▶ **Goal of the exercise**
Please print the data shown below without any alteration.

'''

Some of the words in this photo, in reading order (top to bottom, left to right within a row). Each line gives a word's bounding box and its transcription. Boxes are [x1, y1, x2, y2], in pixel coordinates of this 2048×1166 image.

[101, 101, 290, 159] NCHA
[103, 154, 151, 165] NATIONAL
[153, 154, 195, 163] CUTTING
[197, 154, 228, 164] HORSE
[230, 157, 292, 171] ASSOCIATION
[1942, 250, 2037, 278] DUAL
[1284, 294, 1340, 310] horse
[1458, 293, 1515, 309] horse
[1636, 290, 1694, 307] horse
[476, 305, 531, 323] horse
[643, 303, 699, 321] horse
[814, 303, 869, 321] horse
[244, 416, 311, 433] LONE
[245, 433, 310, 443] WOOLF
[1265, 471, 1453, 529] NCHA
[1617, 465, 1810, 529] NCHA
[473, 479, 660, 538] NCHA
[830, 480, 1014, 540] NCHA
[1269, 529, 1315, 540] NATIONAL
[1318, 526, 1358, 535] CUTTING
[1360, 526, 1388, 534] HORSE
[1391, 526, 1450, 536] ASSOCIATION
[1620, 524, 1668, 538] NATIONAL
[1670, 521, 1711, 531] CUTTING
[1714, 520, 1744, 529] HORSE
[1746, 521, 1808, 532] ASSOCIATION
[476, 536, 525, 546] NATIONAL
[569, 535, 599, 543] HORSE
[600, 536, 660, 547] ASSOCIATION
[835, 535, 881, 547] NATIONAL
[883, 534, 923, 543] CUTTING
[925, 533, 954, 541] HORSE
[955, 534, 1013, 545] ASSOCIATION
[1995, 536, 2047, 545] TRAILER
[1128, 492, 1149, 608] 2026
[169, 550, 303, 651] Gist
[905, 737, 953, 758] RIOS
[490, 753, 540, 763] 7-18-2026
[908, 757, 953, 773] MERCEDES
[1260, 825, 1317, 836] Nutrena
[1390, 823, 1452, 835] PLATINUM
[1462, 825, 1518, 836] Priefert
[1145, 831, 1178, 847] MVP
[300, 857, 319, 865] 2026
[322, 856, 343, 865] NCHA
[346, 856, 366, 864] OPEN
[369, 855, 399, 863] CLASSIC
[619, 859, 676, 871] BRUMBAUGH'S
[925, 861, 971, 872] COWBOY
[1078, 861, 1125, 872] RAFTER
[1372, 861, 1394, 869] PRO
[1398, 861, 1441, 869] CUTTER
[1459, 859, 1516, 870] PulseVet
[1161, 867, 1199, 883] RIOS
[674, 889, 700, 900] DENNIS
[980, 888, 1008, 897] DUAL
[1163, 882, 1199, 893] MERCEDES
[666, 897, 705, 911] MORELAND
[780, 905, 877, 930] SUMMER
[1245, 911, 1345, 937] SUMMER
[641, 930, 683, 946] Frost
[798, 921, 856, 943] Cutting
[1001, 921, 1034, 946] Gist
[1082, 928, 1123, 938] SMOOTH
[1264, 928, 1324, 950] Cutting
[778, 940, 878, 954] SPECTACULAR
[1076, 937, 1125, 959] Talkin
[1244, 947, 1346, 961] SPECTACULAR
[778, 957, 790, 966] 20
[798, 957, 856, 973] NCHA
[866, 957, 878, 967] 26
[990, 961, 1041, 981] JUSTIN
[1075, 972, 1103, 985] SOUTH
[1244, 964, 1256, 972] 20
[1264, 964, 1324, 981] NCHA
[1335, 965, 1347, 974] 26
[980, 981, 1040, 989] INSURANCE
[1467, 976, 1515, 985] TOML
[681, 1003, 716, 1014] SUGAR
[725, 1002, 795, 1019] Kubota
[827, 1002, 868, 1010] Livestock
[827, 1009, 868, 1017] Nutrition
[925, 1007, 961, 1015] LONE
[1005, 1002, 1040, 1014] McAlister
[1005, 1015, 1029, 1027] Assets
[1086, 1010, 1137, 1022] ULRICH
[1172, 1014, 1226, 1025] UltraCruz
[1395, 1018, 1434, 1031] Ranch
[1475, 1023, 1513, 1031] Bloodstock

'''

▶ **Your solution**
Some of the words in this photo, in reading order (top to bottom, left to right within a row). Each line gives a word's bounding box and its transcription. Boxes are [x1, y1, x2, y2], in pixel coordinates of this 2048×1166 image.

[101, 101, 290, 159] NCHA
[103, 154, 151, 165] NATIONAL
[153, 154, 195, 163] CUTTING
[197, 154, 228, 164] HORSE
[230, 157, 292, 171] ASSOCIATION
[1942, 250, 2037, 278] DUAL
[1284, 294, 1340, 310] horse
[1458, 293, 1515, 309] horse
[1636, 290, 1694, 307] horse
[476, 305, 531, 323] horse
[643, 303, 699, 321] horse
[814, 303, 869, 321] horse
[244, 416, 311, 433] LONE
[245, 433, 310, 443] WOOLF
[1265, 471, 1453, 529] NCHA
[1617, 465, 1810, 529] NCHA
[473, 479, 660, 538] NCHA
[830, 480, 1014, 540] NCHA
[1269, 529, 1315, 540] NATIONAL
[1318, 526, 1358, 535] CUTTING
[1360, 526, 1388, 534] HORSE
[1391, 526, 1450, 536] ASSOCIATION
[1620, 524, 1668, 538] NATIONAL
[1670, 521, 1711, 531] CUTTING
[1714, 520, 1744, 529] HORSE
[1746, 521, 1808, 532] ASSOCIATION
[476, 536, 525, 546] NATIONAL
[569, 535, 599, 543] HORSE
[600, 536, 660, 547] ASSOCIATION
[835, 535, 881, 547] NATIONAL
[883, 534, 923, 543] CUTTING
[925, 533, 954, 541] HORSE
[955, 534, 1013, 545] ASSOCIATION
[1995, 536, 2047, 545] TRAILER
[1128, 492, 1149, 608] 2026
[169, 550, 303, 651] Gist
[905, 737, 953, 758] RIOS
[490, 753, 540, 763] 7-18-2026
[908, 757, 953, 773] MERCEDES
[1260, 825, 1317, 836] Nutrena
[1390, 823, 1452, 835] PLATINUM
[1462, 825, 1518, 836] Priefert
[1145, 831, 1178, 847] MVP
[300, 857, 319, 865] 2026
[322, 856, 343, 865] NCHA
[346, 856, 366, 864] OPEN
[369, 855, 399, 863] CLASSIC
[619, 859, 676, 871] BRUMBAUGH'S
[925, 861, 971, 872] COWBOY
[1078, 861, 1125, 872] RAFTER
[1372, 861, 1394, 869] PRO
[1398, 861, 1441, 869] CUTTER
[1459, 859, 1516, 870] PulseVet
[1161, 867, 1199, 883] RIOS
[674, 889, 700, 900] DENNIS
[980, 888, 1008, 897] DUAL
[1163, 882, 1199, 893] MERCEDES
[666, 897, 705, 911] MORELAND
[780, 905, 877, 930] SUMMER
[1245, 911, 1345, 937] SUMMER
[641, 930, 683, 946] Frost
[798, 921, 856, 943] Cutting
[1001, 921, 1034, 946] Gist
[1082, 928, 1123, 938] SMOOTH
[1264, 928, 1324, 950] Cutting
[778, 940, 878, 954] SPECTACULAR
[1076, 937, 1125, 959] Talkin
[1244, 947, 1346, 961] SPECTACULAR
[778, 957, 790, 966] 20
[798, 957, 856, 973] NCHA
[866, 957, 878, 967] 26
[990, 961, 1041, 981] JUSTIN
[1075, 972, 1103, 985] SOUTH
[1244, 964, 1256, 972] 20
[1264, 964, 1324, 981] NCHA
[1335, 965, 1347, 974] 26
[980, 981, 1040, 989] INSURANCE
[1467, 976, 1515, 985] TOML
[681, 1003, 716, 1014] SUGAR
[725, 1002, 795, 1019] Kubota
[827, 1002, 868, 1010] Livestock
[827, 1009, 868, 1017] Nutrition
[925, 1007, 961, 1015] LONE
[1005, 1002, 1040, 1014] McAlister
[1005, 1015, 1029, 1027] Assets
[1086, 1010, 1137, 1022] ULRICH
[1172, 1014, 1226, 1025] UltraCruz
[1395, 1018, 1434, 1031] Ranch
[1475, 1023, 1513, 1031] Bloodstock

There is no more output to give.